[TASK DATA]
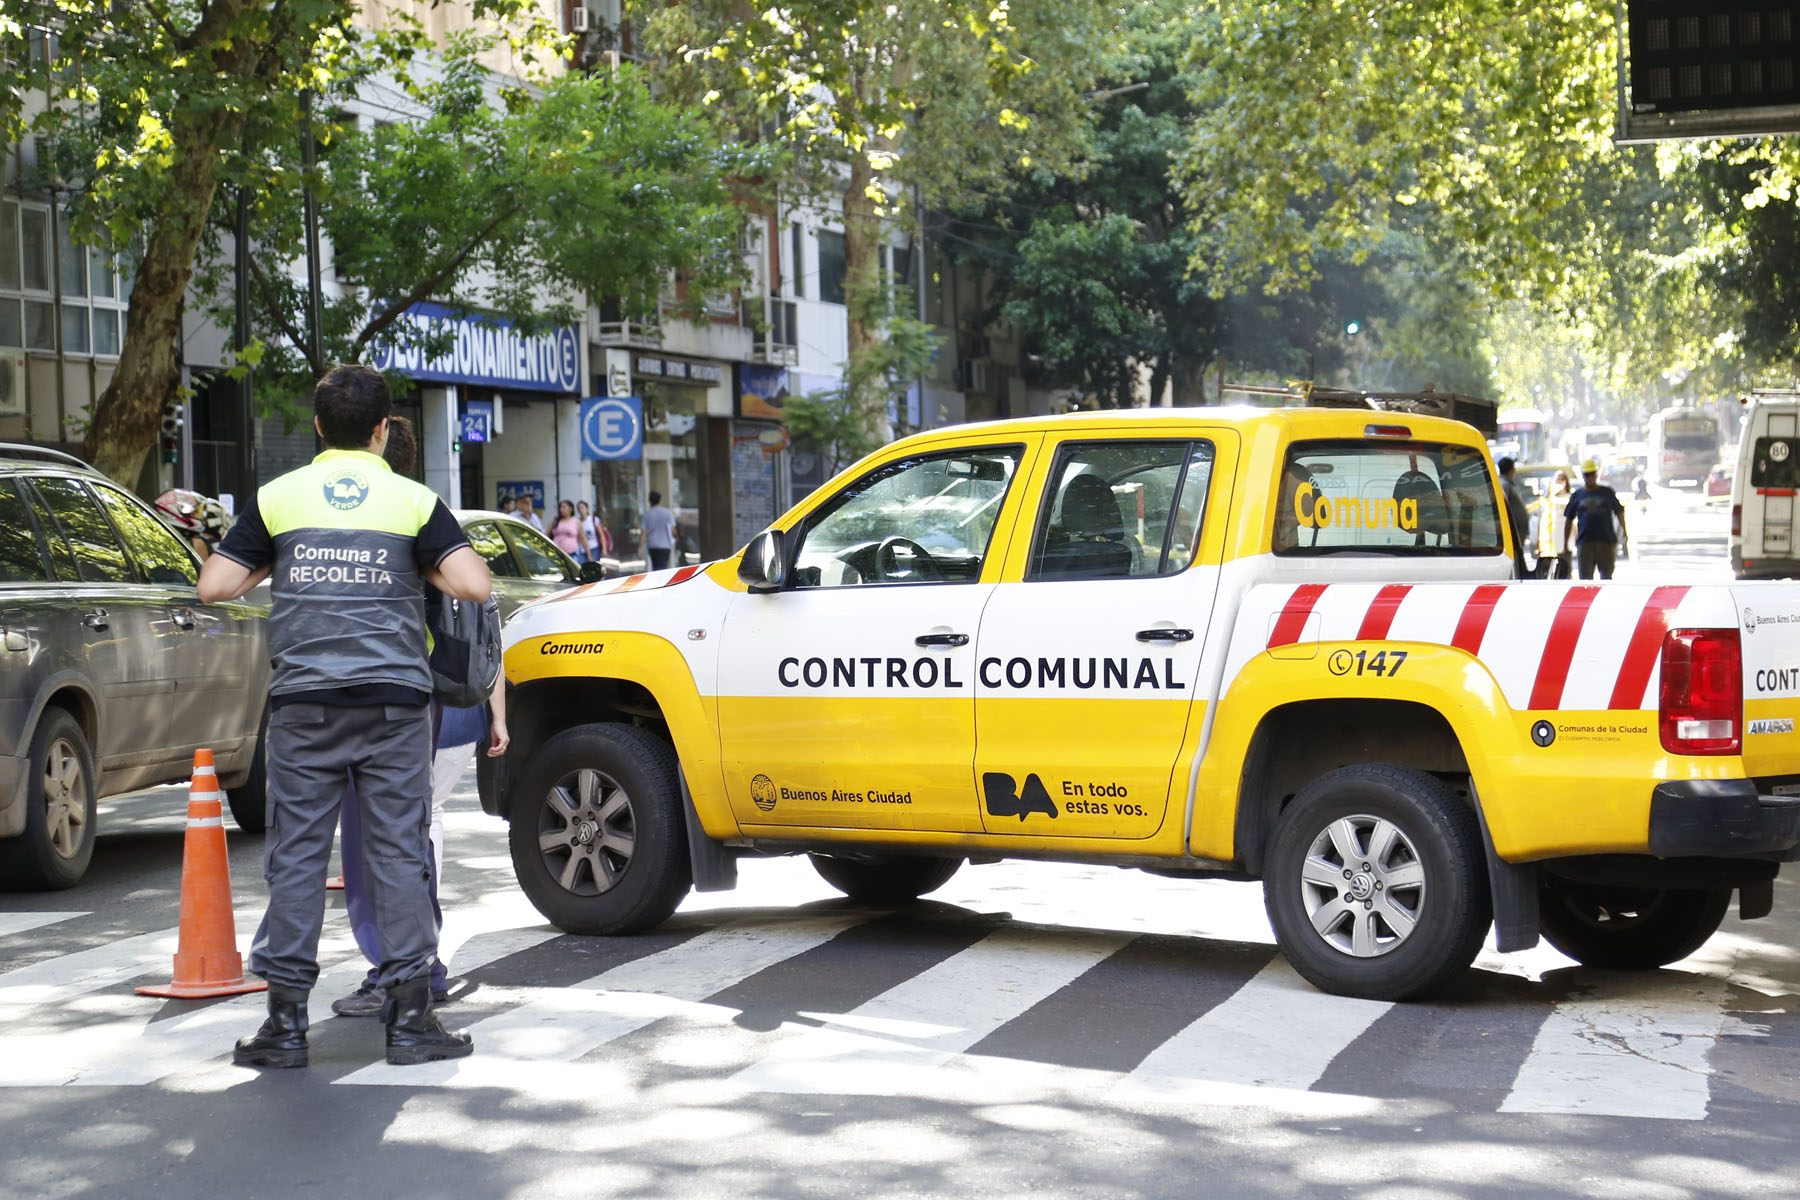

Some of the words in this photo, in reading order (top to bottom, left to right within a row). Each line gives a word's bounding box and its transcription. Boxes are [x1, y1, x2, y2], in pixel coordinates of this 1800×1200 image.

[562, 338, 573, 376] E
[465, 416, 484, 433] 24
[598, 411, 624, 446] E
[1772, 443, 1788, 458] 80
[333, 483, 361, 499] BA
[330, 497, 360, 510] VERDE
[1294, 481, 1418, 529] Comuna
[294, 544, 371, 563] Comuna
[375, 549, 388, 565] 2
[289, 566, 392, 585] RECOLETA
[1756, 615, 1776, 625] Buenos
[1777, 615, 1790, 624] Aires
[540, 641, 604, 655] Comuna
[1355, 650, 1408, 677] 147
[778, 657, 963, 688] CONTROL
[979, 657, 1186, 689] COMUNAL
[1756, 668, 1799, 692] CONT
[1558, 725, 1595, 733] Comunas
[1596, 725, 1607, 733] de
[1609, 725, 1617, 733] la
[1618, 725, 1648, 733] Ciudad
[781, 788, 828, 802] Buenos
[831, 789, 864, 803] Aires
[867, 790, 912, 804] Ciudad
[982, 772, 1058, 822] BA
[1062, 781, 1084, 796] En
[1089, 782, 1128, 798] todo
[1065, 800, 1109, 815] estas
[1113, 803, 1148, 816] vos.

[REQUIREMENT] Write out the listing again word for word, but without its pictures.

[RESPONSE TO THIS TASK]
Some of the words in this photo, in reading order (top to bottom, left to right within a row). Each line gives a word's bounding box and its transcription. Boxes are [x1, y1, x2, y2], in pixel coordinates of this 1800×1200 image.

[562, 338, 573, 376] E
[465, 416, 484, 433] 24
[598, 411, 624, 446] E
[1772, 443, 1788, 458] 80
[333, 483, 361, 499] BA
[330, 497, 360, 510] VERDE
[1294, 481, 1418, 529] Comuna
[294, 544, 371, 563] Comuna
[375, 549, 388, 565] 2
[289, 566, 392, 585] RECOLETA
[1756, 615, 1776, 625] Buenos
[1777, 615, 1790, 624] Aires
[540, 641, 604, 655] Comuna
[1355, 650, 1408, 677] 147
[778, 657, 963, 688] CONTROL
[979, 657, 1186, 689] COMUNAL
[1756, 668, 1799, 692] CONT
[1558, 725, 1595, 733] Comunas
[1596, 725, 1607, 733] de
[1609, 725, 1617, 733] la
[1618, 725, 1648, 733] Ciudad
[781, 788, 828, 802] Buenos
[831, 789, 864, 803] Aires
[867, 790, 912, 804] Ciudad
[982, 772, 1058, 822] BA
[1062, 781, 1084, 796] En
[1089, 782, 1128, 798] todo
[1065, 800, 1109, 815] estas
[1113, 803, 1148, 816] vos.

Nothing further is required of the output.